Ce fut donc un bonheur pour Démosthène que d’avoir ainsi, dès le début de sa carrière, à briser des obstacles, à prendre les hommes et la vie corps à corps. Ces laborieuses et fécondes années, il ne les employa d’ailleurs pas tout entières à préparer et à plaider ses procès. Nul doute que dès lors, par la conversation, par la lecture, par tous les moyens en son pouvoir, il n’ait travaillé à se donner une solide instruction générale.
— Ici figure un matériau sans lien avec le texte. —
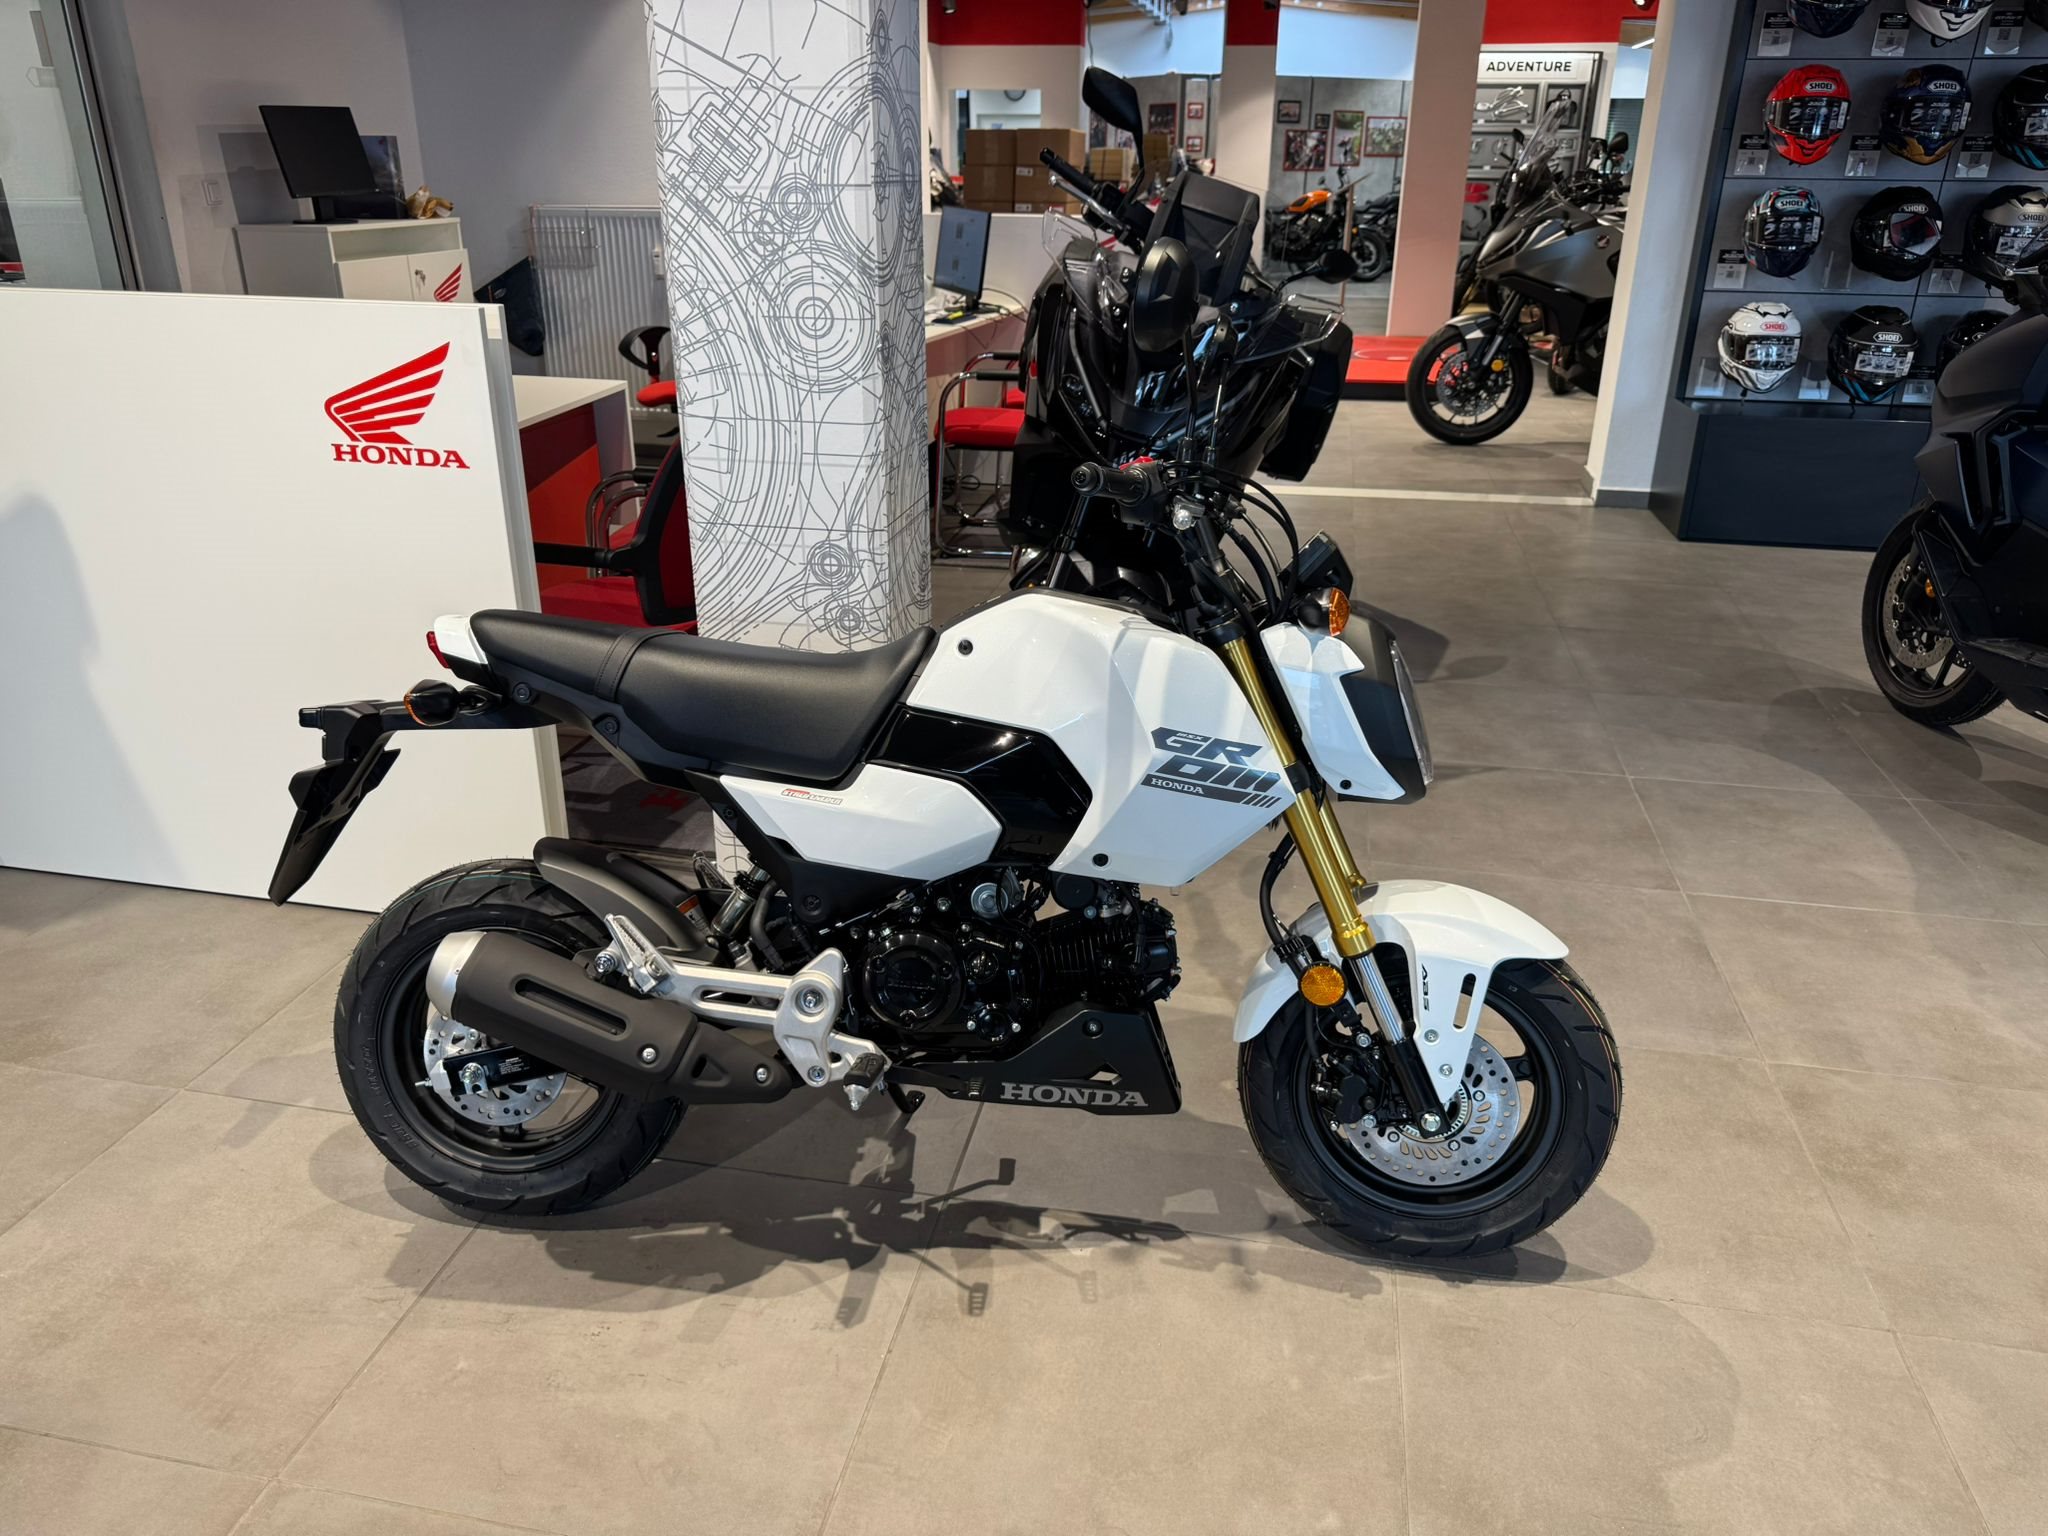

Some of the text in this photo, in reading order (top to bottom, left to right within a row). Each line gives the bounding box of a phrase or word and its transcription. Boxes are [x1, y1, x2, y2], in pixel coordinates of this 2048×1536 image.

Il assistait aux débats des tribunaux et aux délibérations de l’assemblée, il était assidu aux représentations dramatiques, il étudiait les grands écrivains d’Athènes, ses poètes, ses prosateurs, les historiens surtout. Dans les ouvrages de sa maturité, on trouve une abondance de faits et de pensées, une variété de connaissances, une hauteur de vues, une certaine manière de posséder et de dominer son sujet, qui témoignent d’une culture étendue et profonde. Cela dépasse en tout sens Lysias et même Isée. On comprend donc que les anciens aient refusé de croire que Démosthène dût à Isée tout ce qu’il savait.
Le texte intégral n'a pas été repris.